#### Records for this exercise
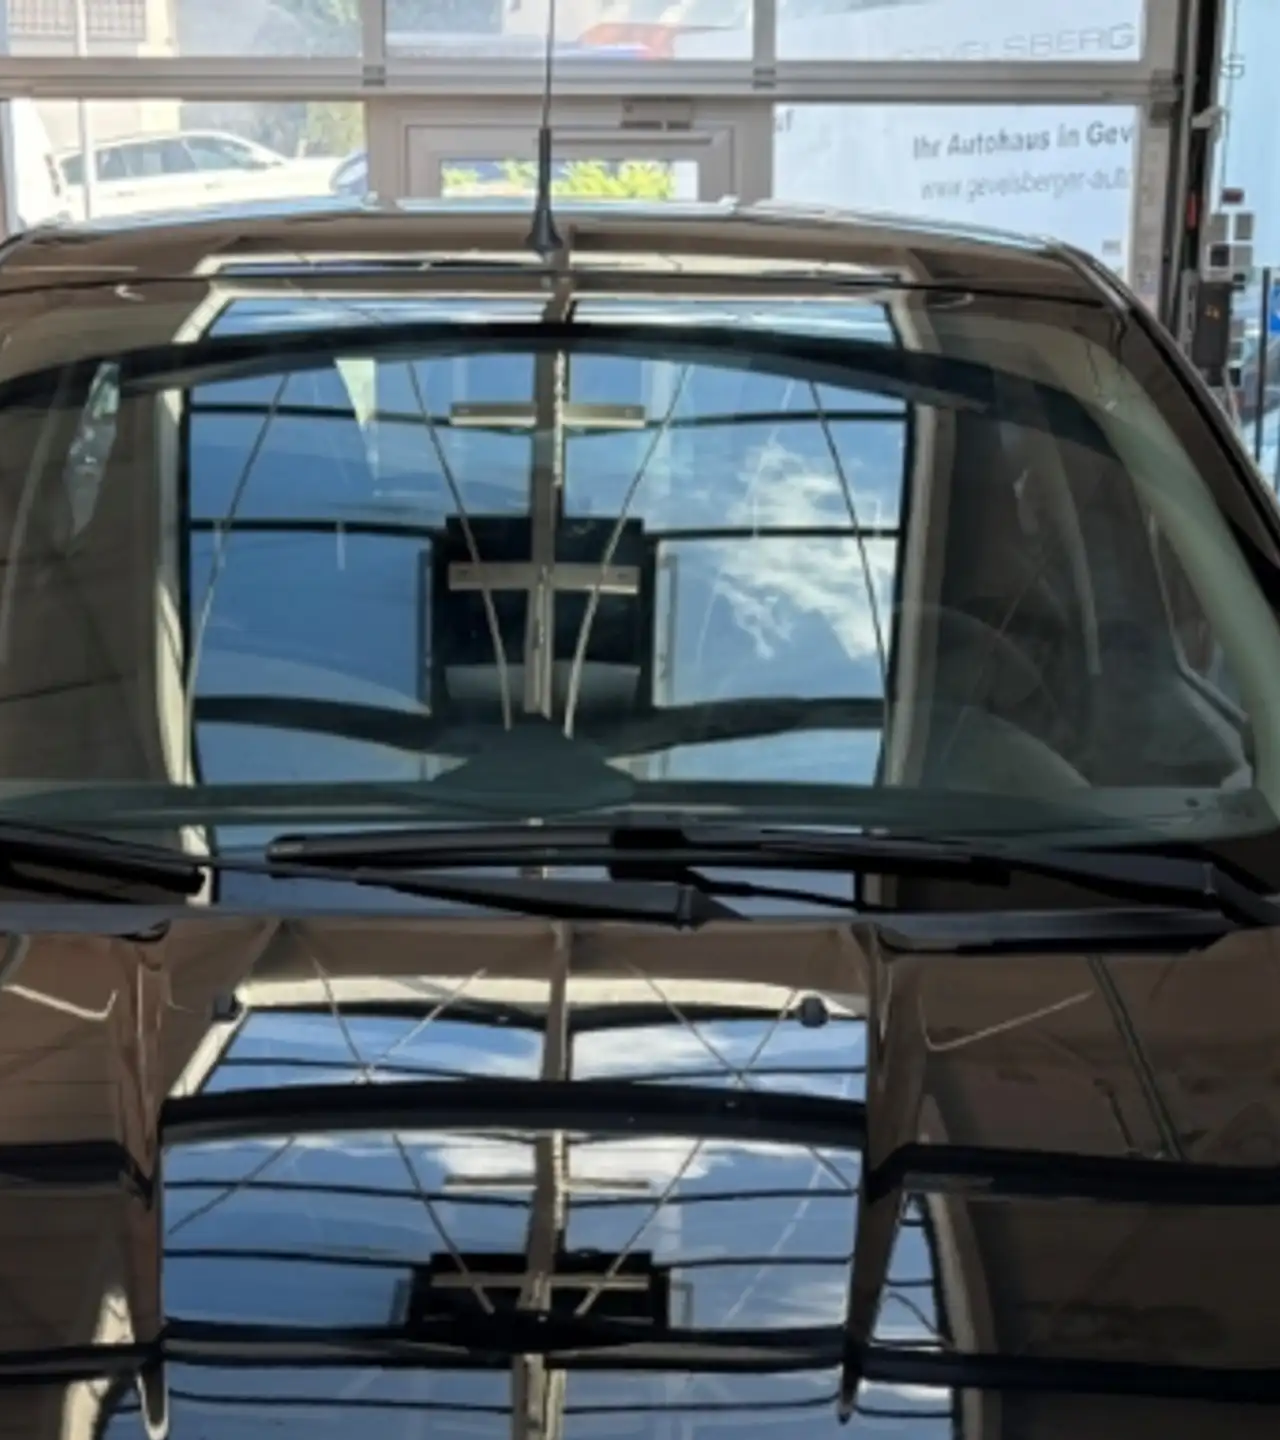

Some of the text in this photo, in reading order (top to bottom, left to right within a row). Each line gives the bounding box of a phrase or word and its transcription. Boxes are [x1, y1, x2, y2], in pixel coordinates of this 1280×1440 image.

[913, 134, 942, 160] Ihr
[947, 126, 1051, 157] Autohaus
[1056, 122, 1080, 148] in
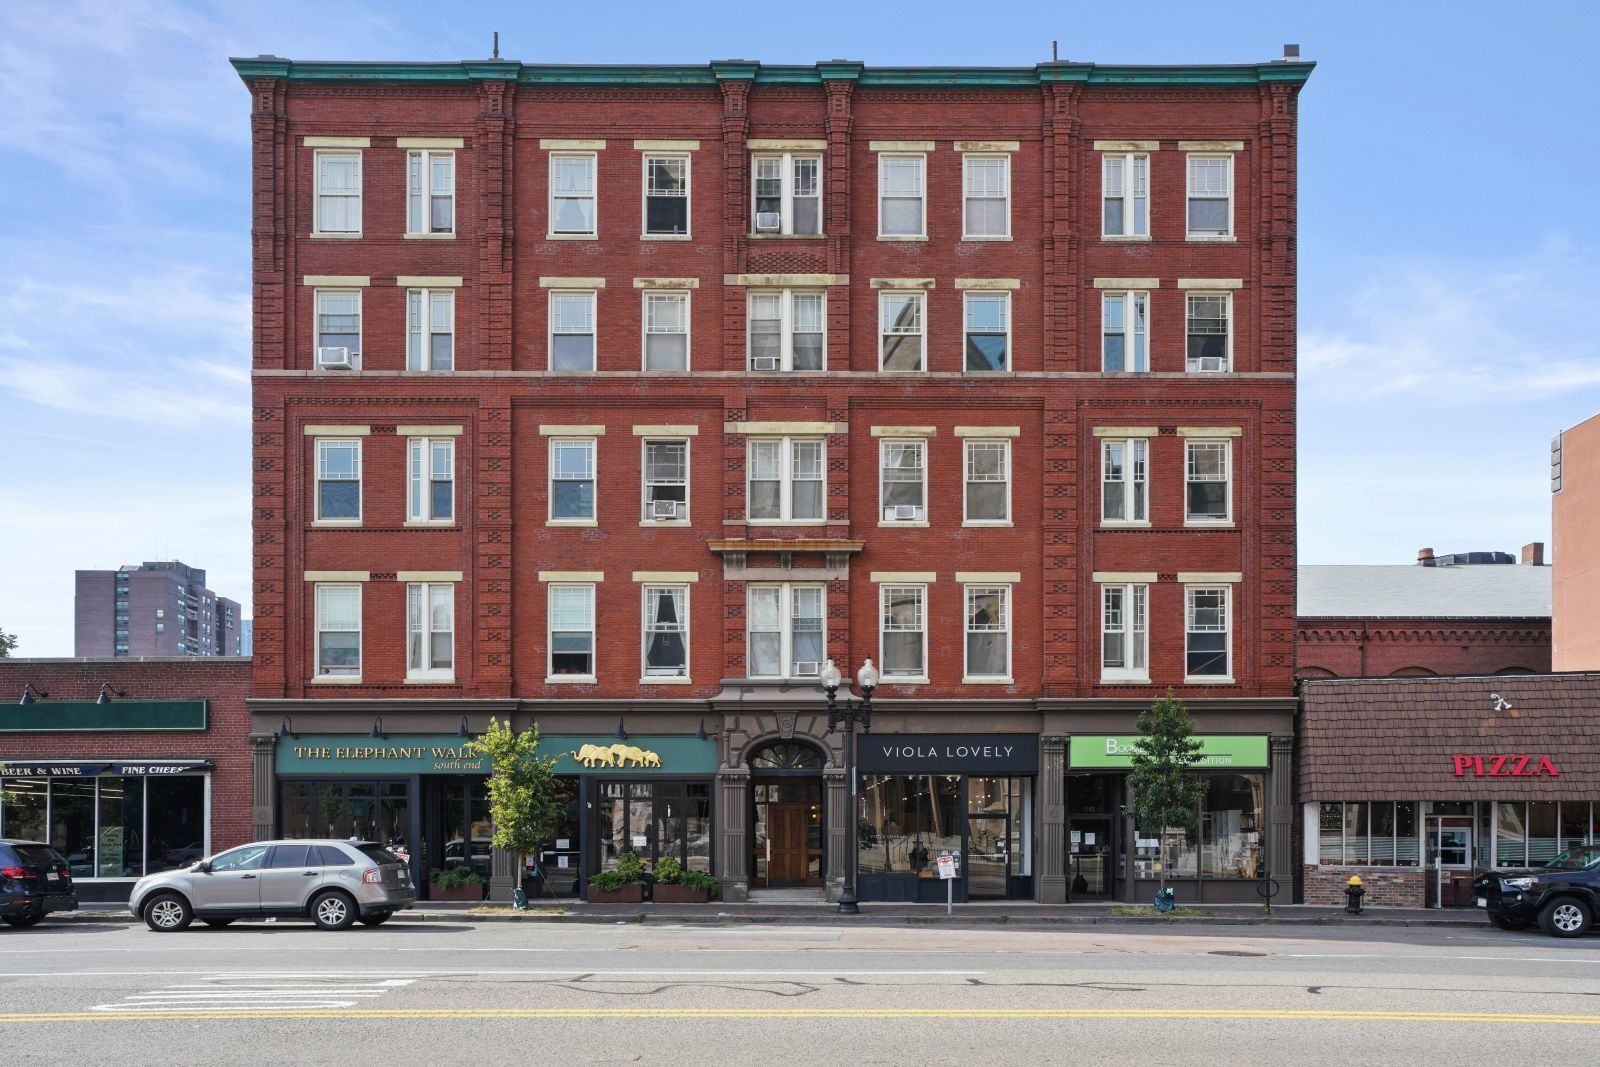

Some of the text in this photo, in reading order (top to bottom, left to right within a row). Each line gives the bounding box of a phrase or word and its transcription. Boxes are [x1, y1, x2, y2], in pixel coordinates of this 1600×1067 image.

#### What you will do
Return every entry word for word, but drop any pictures.

#### Your solution
Some of the text in this photo, in reading order (top to bottom, left to right within a row). Each line gives the bounding box of a phrase or word and its transcription. Boxes are [x1, y1, x2, y2], in pixel coordinates of this 1280×1440 image.

[913, 134, 942, 160] Ihr
[947, 126, 1051, 157] Autohaus
[1056, 122, 1080, 148] in

Some of the text in this photo, in reading order (top to bottom, left to right within a row). Each line gives the bounding box of a phrase or word and its transcription. Boxes are [x1, y1, x2, y2], in pixel coordinates of this 1600×1067 image.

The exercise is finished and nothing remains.